Conducted at Surrey University, the study was published in the Proceedings of the National Academy of Sciences.

It was the first experiment to investigate the direct effects of sleep deprivation on the human “transcriptome.” The transcriptome comprises all the messenger RNA molecules tasked with transcribing genetic information from DNA to form proteins.

The study featured 26 healthy volunteers. Half of those participants were allowed only six hours of sleep per night for seven consecutive nights, while the other half were allowed 10 hours — that's generous, if you ask us.

Throughout the week-long study, the quality of participants’ sleep was evaluated on a nightly basis. Cognitive tests and questionnaires were given throughout the day. Researchers also measured participants’ levels of melatonin, the hormone responsible for regulating our day-night cycles.

By the end of the week, both groups were kept awake for a 40-hour period. Blood RNA samples were collected, and participants were allotted a full 12 hours of sleep to recover.

Analysis revealed that the regular activity of 711 genes either intensified or decreased for participants who had sustained the week of insufficient sleep. These changes in gene expression can have wide-ranging and dramatic effects in the body.
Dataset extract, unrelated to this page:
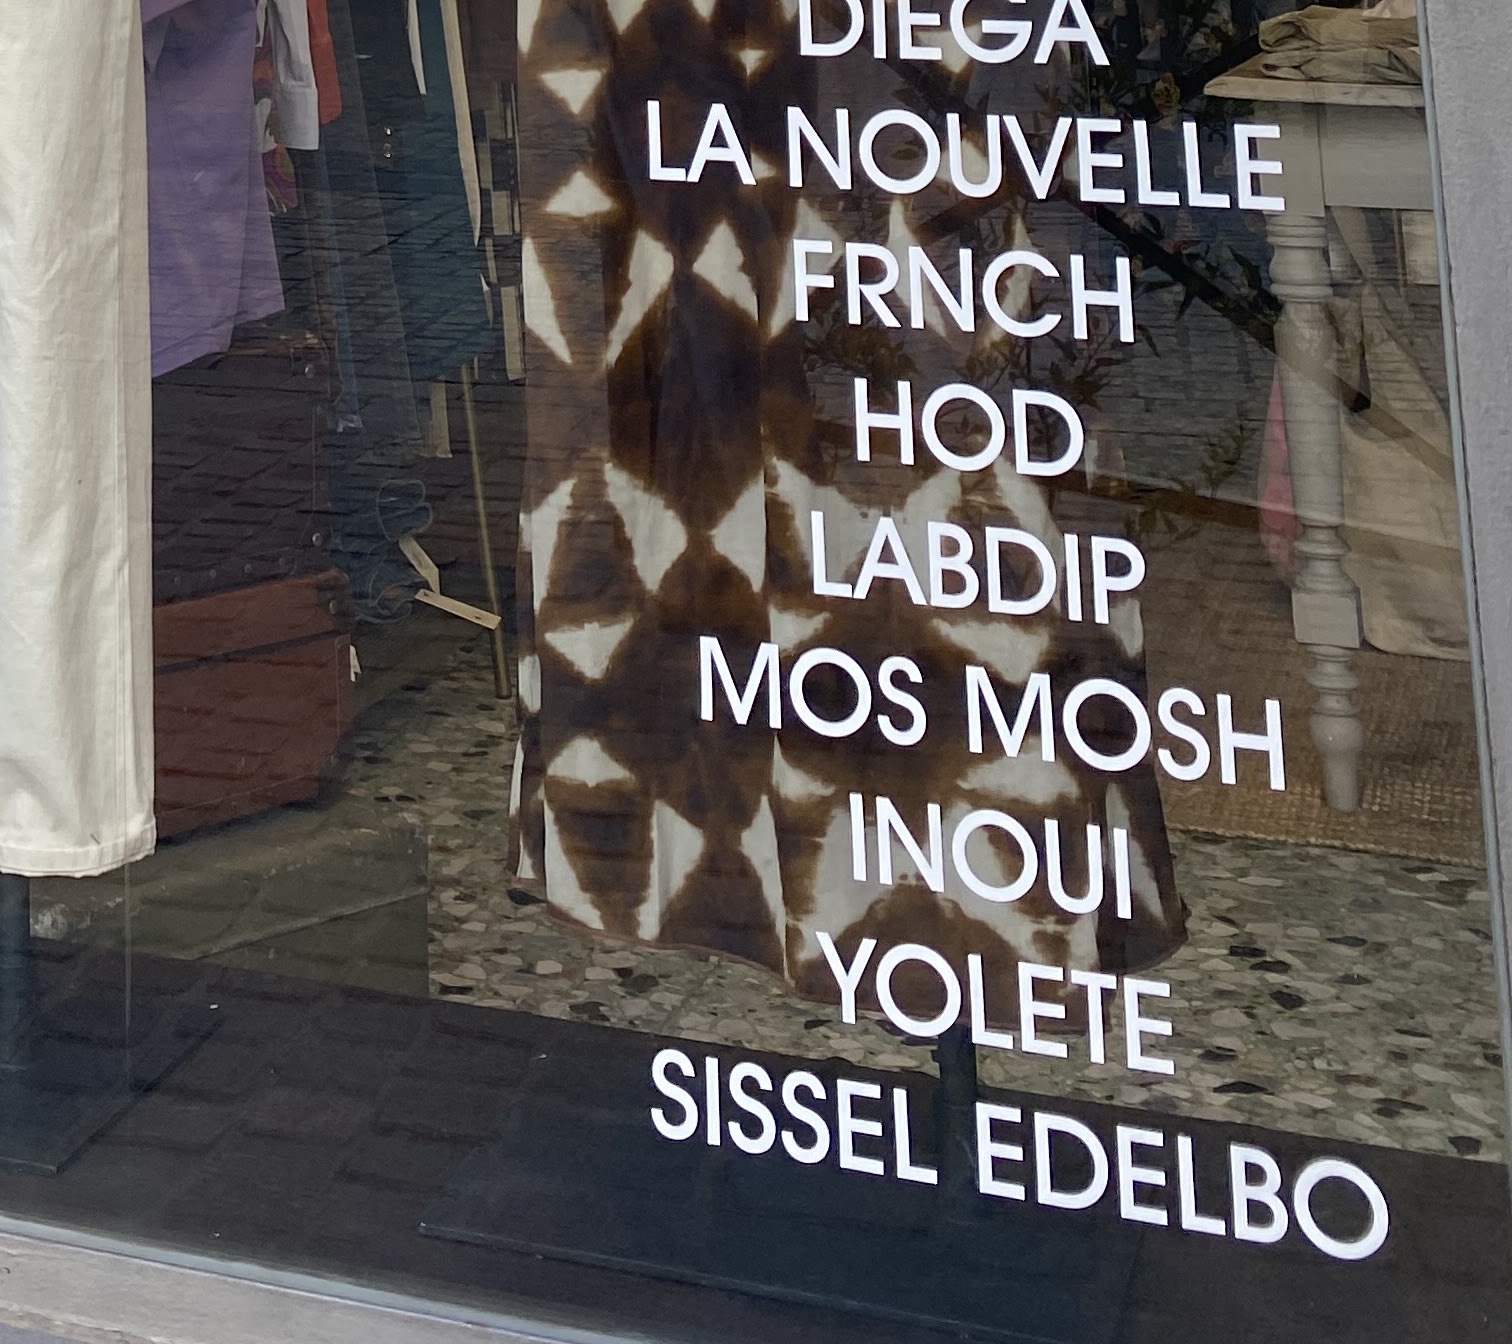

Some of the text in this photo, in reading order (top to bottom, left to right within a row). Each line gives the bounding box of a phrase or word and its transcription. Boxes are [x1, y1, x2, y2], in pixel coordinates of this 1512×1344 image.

The genes altered played a role in regulating stress responses, metabolism, and the biological clock. Many were involved in maintaining circadian rhythms — that is, the timing of common biological functions such as sleeping and digestion. Others had a hand in gene regulation, meaning that chronic sleep deprivation could cause even greater genetic changes over time.

Researchers also found that sleep-deprived participants performed poorer when tested for memory, cognition, and attention. They may call it beauty sleep but clearly it has other functions.

Scientists have long known about the connection between long-term sleep loss and diseases such as type 2 diabetes, obesity, high blood pressure, heart disease, and other chronic health conditions.

Poor sleep is even associated with lower life expectancy. Meta-data from several studies revealed that getting less than five hours of sleep can increase the risk of mortality — from all causes — by a whopping 15 percent.

But the English study was the first of its kind to suggest that short-term sleep loss can have a profound impact on gene expression.